The Crown contends Millington lied 19 times when he appeared at a public inquiry in 2009.
In cross-examination on Tuesday, special prosecutor Scott Fenton openly doubted Millington's claims of a fractured memory, suggesting the officer lied in order to reconcile what he initially told investigators with what amateur video of the incident showed.
"You were trying to exaggerate the threat of Mr. Dziekanski," Fenton said.
Several of the allegations against Millington deal with his claim at the inquiry that he believed Dziekanski was still standing — and therefore still a threat — when he was stunned a second time with a Taser.
Fenton led Millington through the initial statements he made to investigators, just hours after the incident, that appear to contradict that fact.
"I was trying to recollect as good as I can, but I guess I made a mistake," Millington answered.
I'm going to suggest to you that as you sit here today, you realize that this answer is very problematic for you,” Fenton said.
“It suggests your testimony at the Braidwood inquiry is therefore false.”
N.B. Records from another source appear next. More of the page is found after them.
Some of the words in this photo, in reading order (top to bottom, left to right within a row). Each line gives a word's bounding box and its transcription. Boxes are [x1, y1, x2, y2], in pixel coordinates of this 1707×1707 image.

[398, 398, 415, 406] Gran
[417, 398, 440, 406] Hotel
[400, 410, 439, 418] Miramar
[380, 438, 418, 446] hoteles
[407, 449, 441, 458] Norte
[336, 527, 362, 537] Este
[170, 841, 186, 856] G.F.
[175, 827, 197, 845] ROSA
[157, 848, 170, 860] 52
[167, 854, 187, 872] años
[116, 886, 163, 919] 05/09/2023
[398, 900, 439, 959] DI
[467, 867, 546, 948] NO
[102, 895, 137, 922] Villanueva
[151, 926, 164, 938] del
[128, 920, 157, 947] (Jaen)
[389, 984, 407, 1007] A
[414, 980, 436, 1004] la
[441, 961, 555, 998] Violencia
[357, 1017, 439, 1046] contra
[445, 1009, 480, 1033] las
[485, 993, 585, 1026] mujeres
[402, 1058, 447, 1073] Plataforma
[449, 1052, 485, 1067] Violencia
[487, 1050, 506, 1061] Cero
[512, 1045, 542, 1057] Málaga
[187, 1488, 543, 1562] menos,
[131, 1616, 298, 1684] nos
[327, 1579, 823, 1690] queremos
"It's only after scrutiny of the statements [that] I realized I said the wrong things in some of the statements,” Millington explained.
"I'm going to suggest you weren't confused at the time, and I'm going to suggest you're not confused right now and I'll spend all afternoon on this if necessary," the special prosecutor responded.
Fenton also challenged Millington over the officer's claim at the inquiry that shortly after the incident, he genuinely, but mistakenly, believed all four officers had to wrestle Dziekanski to the ground.
"You agree with me your description made him sound like Mr. Dziekanski had this super human strength to resist a Taser?" Fenton said.
"I don't agree with that," Millington replied.
"I would suggest you would have had your eyes glued to him as he fell. So what was your actual memory?"
"I don't recall the exact specificity of it," Millington replied, "but that was my recollection".
"But it never happened?" Fenton asked.
"No," Millington responded.
The indictment against the Mountie also alleges he lied about the meaning of the word "high".
Millngton told investigators Dziekanski held a stapler "high" and that was part of the provocation for using the Taser.
At the inquiry, Millington insisted he only meant Dziekanski had the stapler above his waist and below his shoulders.
"I suggest that is absurd," Fenton challenged.
Millington countered that "high" could mean "chest high," a term even the prosecutor used.
"I've arrested people with hands at that height," Millington said. "Low to me would be down by your legs. As soon as you start to raise it up and you're above your waist, you're getting high."
Throughout the prosecutor's aggressive questioning, Millington appeared relaxed and unflappable.
He testified he never intended to mislead the Braidwood inquiry and his mistakes were the product of a "fast-moving situation."
Officers allegedly colluded
Fenton suggested they were the result of collaboration with his fellow officers.
However, one of the Crown's key allegations that the officers colluded appears to be on life support.
The special prosecutor contends all four Mounties involved met secretly in 2009, just prior to appearing at the inquiry to give their testimony.
Millington's lawyer produced banking information indicating the officer was making purchases in Toronto when the meeting was supposed to have occurred in Vancouver.
The same records also appear to confirm the officers' claim that they did meet, months later, when they had all finished testifying.